The circadian rhythm (body clock) is influenced by levels of melatonin, a regulator of the sleep-wake cycle. It is a naturally occurring hormone that increases in the body as light fades and plays a key role in sleep duration. Night-time light exposure reduces the production of melatonin. Melatonin also induces heat loss and delays the production of cortisol, which increases blood sugar and blood pressure. It has been found to inhibit and slow down tumour growth, including prostate tumours. A recent meta-analysis of 61 studies that included a total of nearly 4 million participants showed that shift workers and night-time workers have a 19% increased risk of cancer.8 Furthermore, short sleep duration has been associated with vascular damage, for example coronary artery calcification.9 At the other end of the spectrum, people who sleep for lengthy periods of time may be at risk of atherosclerosis and subcortical macroscopic infarcts, both independent risk factors for CHD and CVD.
The majority of studies show that getting seven hours of sleep each night provides the greatest protection against early mortality.
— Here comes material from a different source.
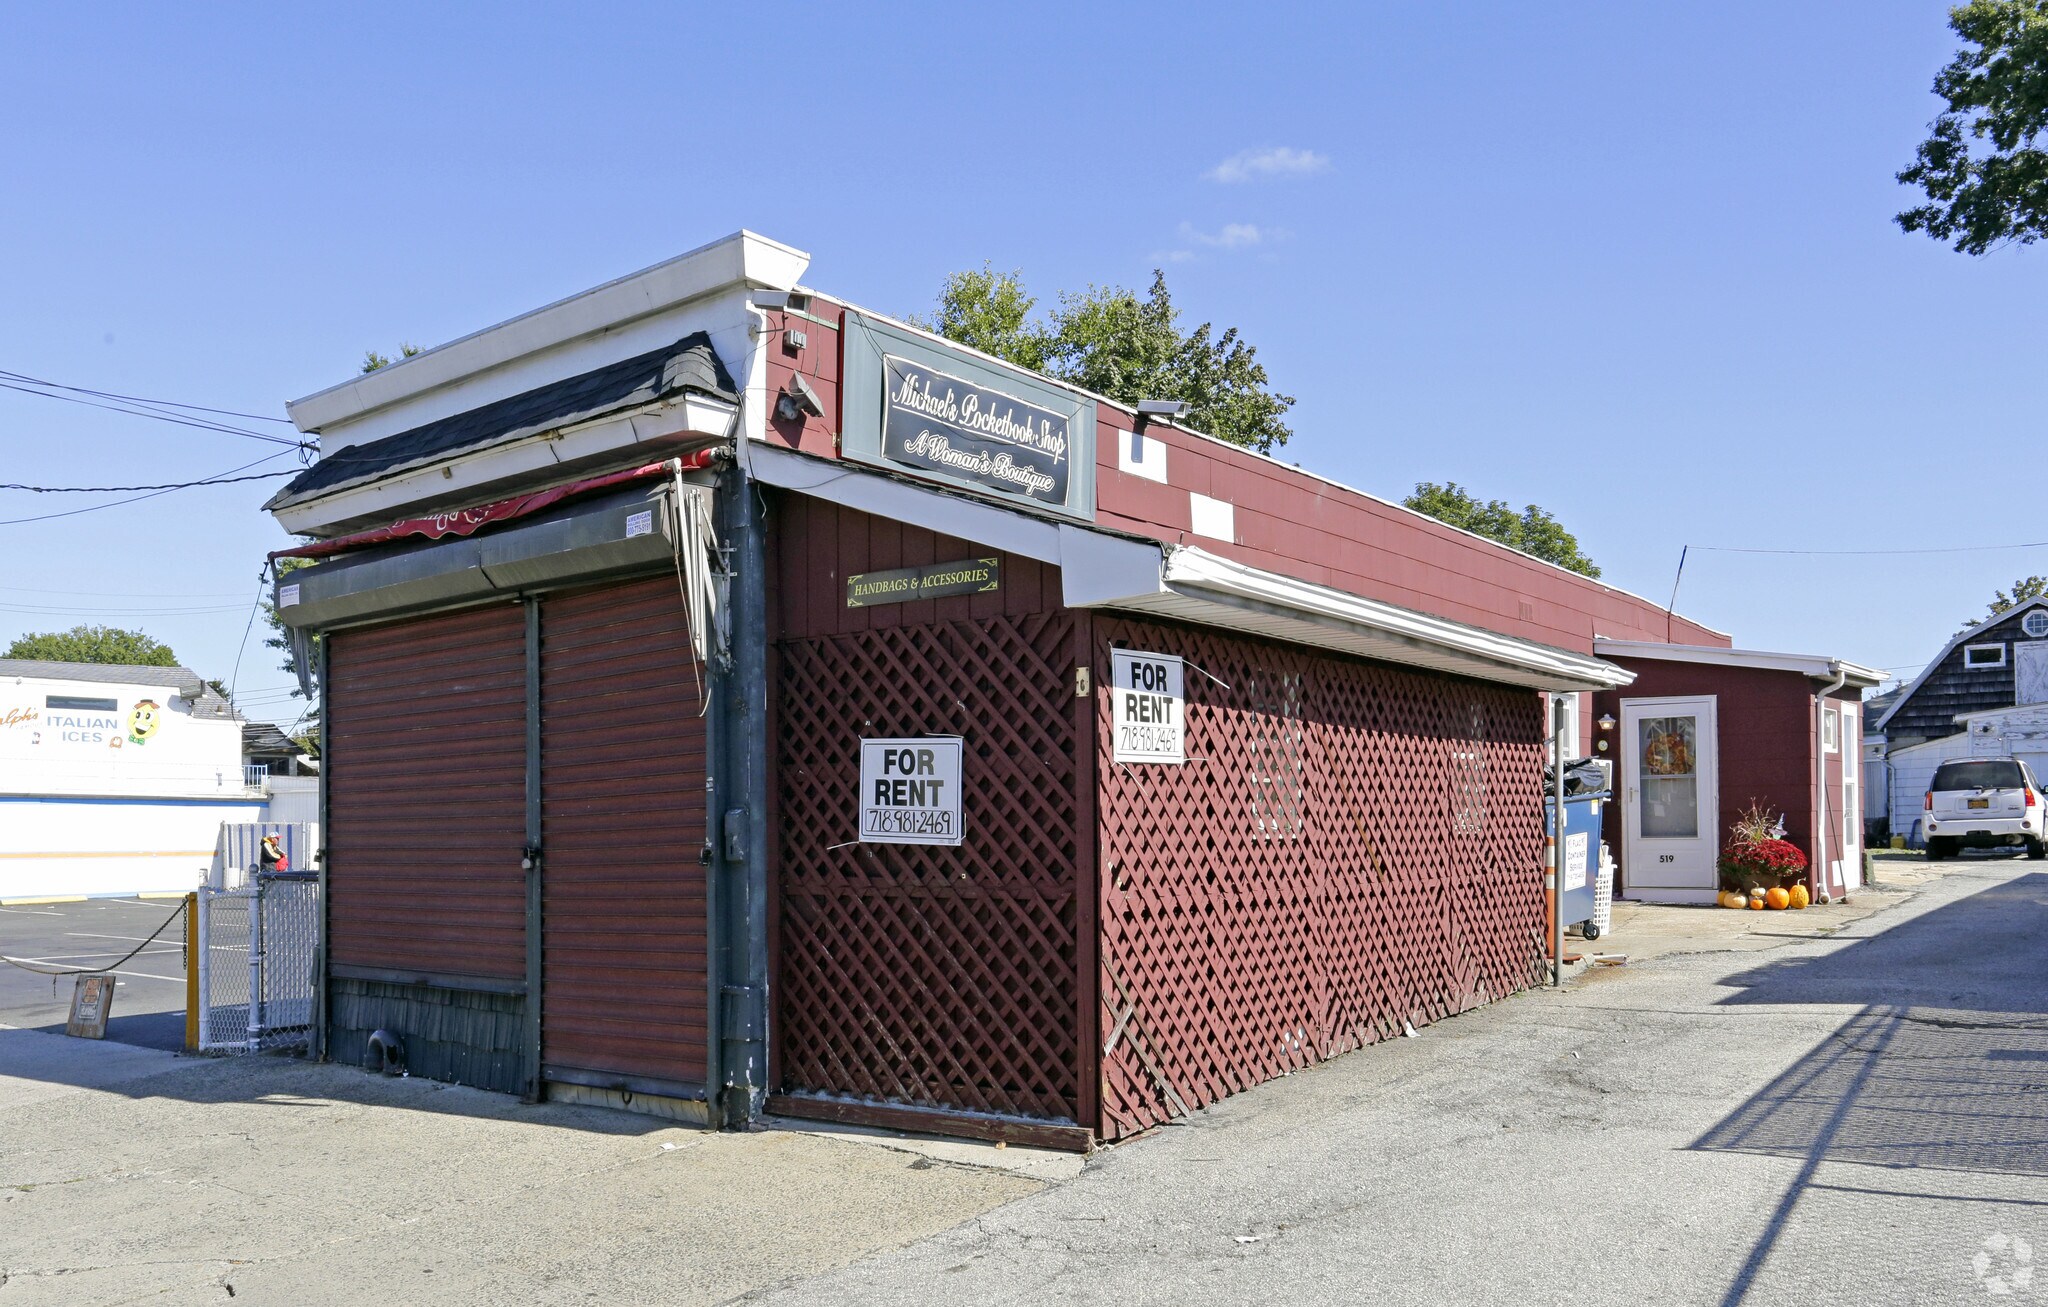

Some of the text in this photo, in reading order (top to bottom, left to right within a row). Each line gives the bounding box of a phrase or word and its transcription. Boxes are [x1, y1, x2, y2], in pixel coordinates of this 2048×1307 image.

In a large meta-analysis of 67 articles covering more than 3.5 million participants from the U.S., Europe, Asia and Australia, length of sleep was strongly associated with all-cause mortality, CVD, CHD and stroke.
The same study provided an analysis of the association of sleep duration with mortality and morbidity by geographic location. It offers additional value in considering whether or not to use this risk measure by different regions around the world. Alternatively, sleep duration as a risk factor could be incorporated with other measures to create a lifestyle index score. An Australian study previously examined the relationship between a lifestyle index score and all-cause mortality. Higher lifestyle risk index scores were more common in men, in those age 80 and over, those who were single and those with a lower level of education. Compared to those with no risk factors, all-cause mortality increased as the lifestyle score went up.11 Development of a lifestyle risk index score, using traditional and non-traditional risk factors to create a model for risk assessment, could have great potential in the life insurance industry. These factors could include level of education, SES, income, sleep duration, frailty score, amount of social and physical activity, and diet.
Conclusions
It may be possible for frailty index to be integrated into the underwriting process, specifically for illness and disability products. Additional consideration needs to be given to the applicant’s level of social activity, social network size and sleep duration, all of which can alter mortality. Furthermore, the conscientious individual may live longer than his or her neurotic neighbour. The various ways in which clinicians apply medical research study findings are very different from how the insurance world utilises the information. Sometimes this salient point can be forgotten in the midst of searching for the ultimate evidence-based underwriting methodology. The possibility of using alternative, non-traditional risk indicators can get lost in the race for applying big data techniques and implementing ‘predictive underwriting.’ However, they have been shown to be viable predictors of all-cause and cause specific mortality. The race may have started, but it’s still a long way to the finish line.